Naturally occurring catalysis for bond formation (via enzymes) is highly proficient (fast rate coupled to high enantio-selectivity), environmentally benign, self-regenerative, and exquisitely regulated. No designed catalytic systems can claim all of these four hallmarks of “ideal” catalysis. We currently address the proficiency issue by pioneering trifunctional organocatalysis in model proton-transfer reactions (PTRs), in which mild catalytic motifs cooperative, on a chiral backbone, for asymmetric carbon-carbon bond formation that is fundamental in both designed and living systems.


Enzymes are major drug targets, and their conformational flexibility is essential for finding isozyme-specific drug leads. Protein flexibility however is difficult to predict thus presenting considerable challenges for rational drug discovery. We currently use natural products as leads for generating new conformation-based diversity around existing functional epitopes to target new protein conformations for drug discovery by a combined experimental and computational approach that guides the iterative design/discovery cycle. 
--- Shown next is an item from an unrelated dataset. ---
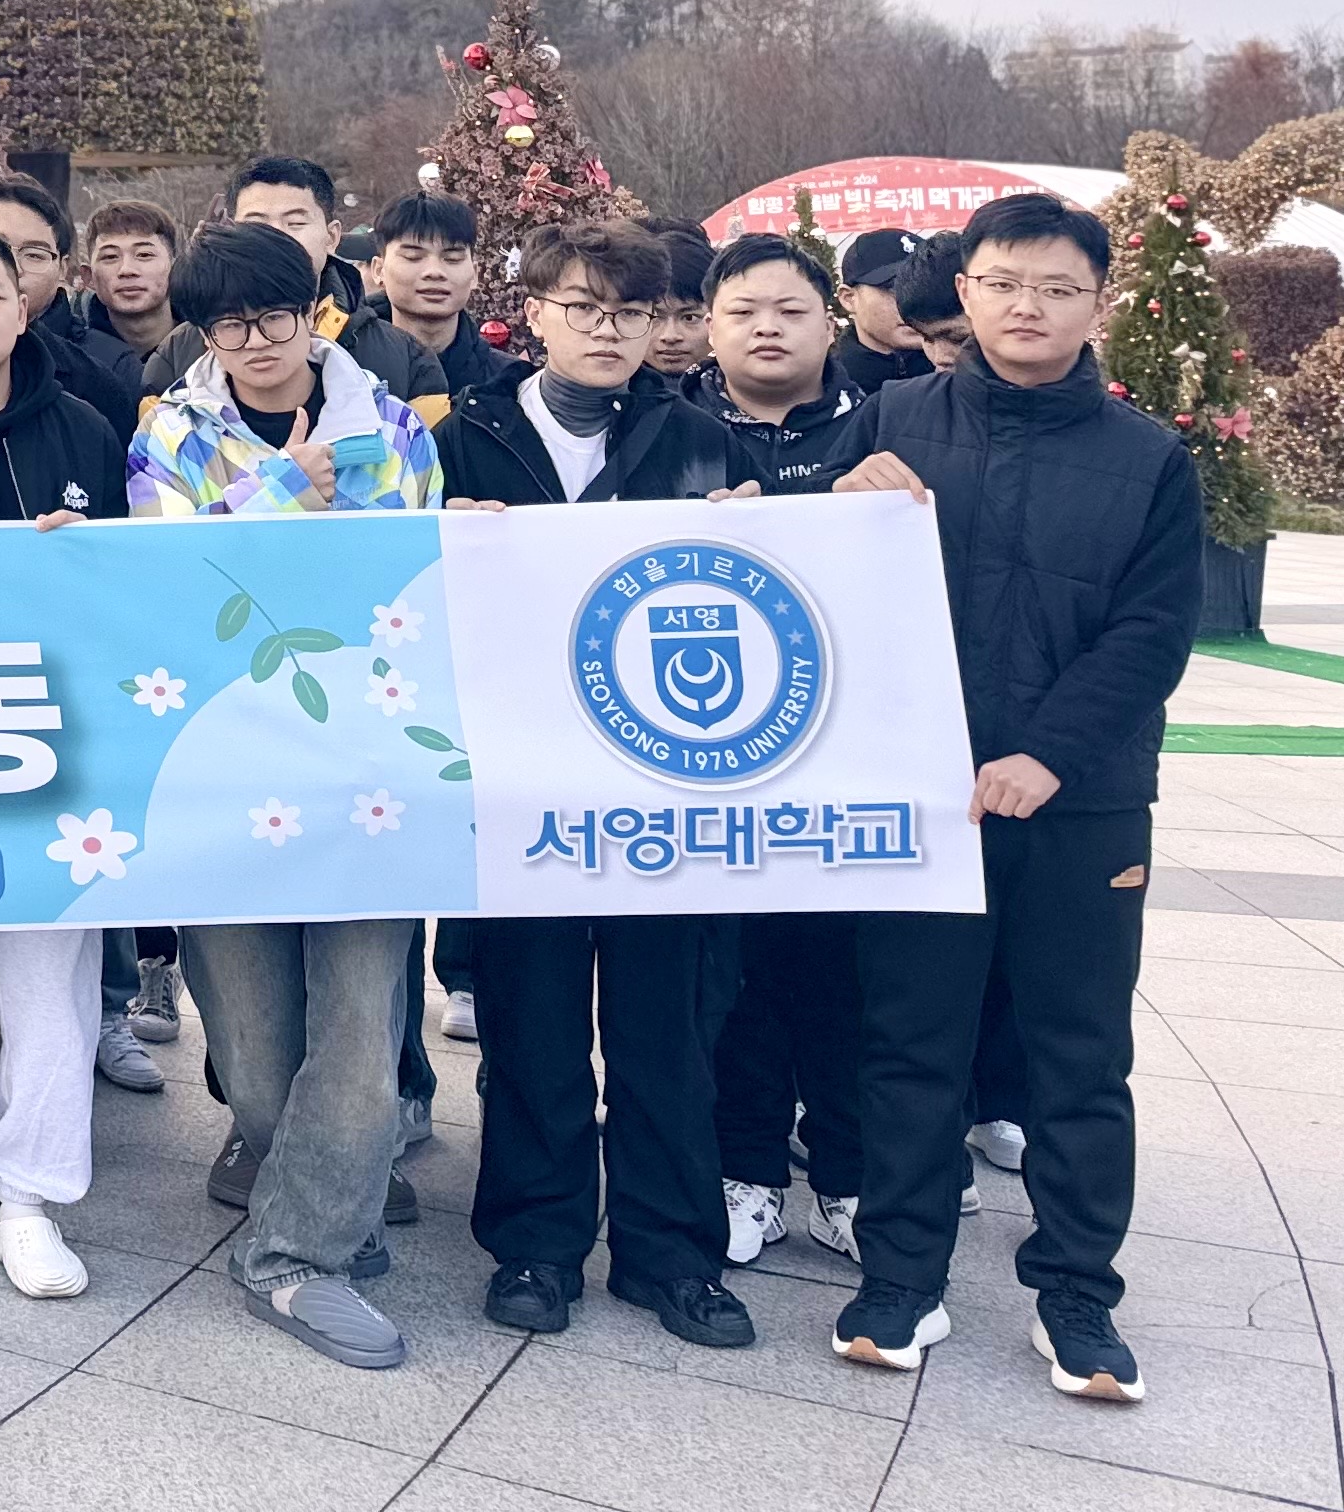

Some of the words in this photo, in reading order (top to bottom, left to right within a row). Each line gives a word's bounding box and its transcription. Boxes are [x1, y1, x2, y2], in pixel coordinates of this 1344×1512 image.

Cells in multicellular organisms form communication networks in order to maintain tissue integrity and stability. One key question is how individual cells present compatible surface protein codes to help coordinate correctly differentiated states. We use chemical tools to capture surface proteins for proteomics analysis, followed by validation in human cell models. Understanding cell identity control by characterising signalling networks will enable development in cell reprogramming for tissue regeneration or repair.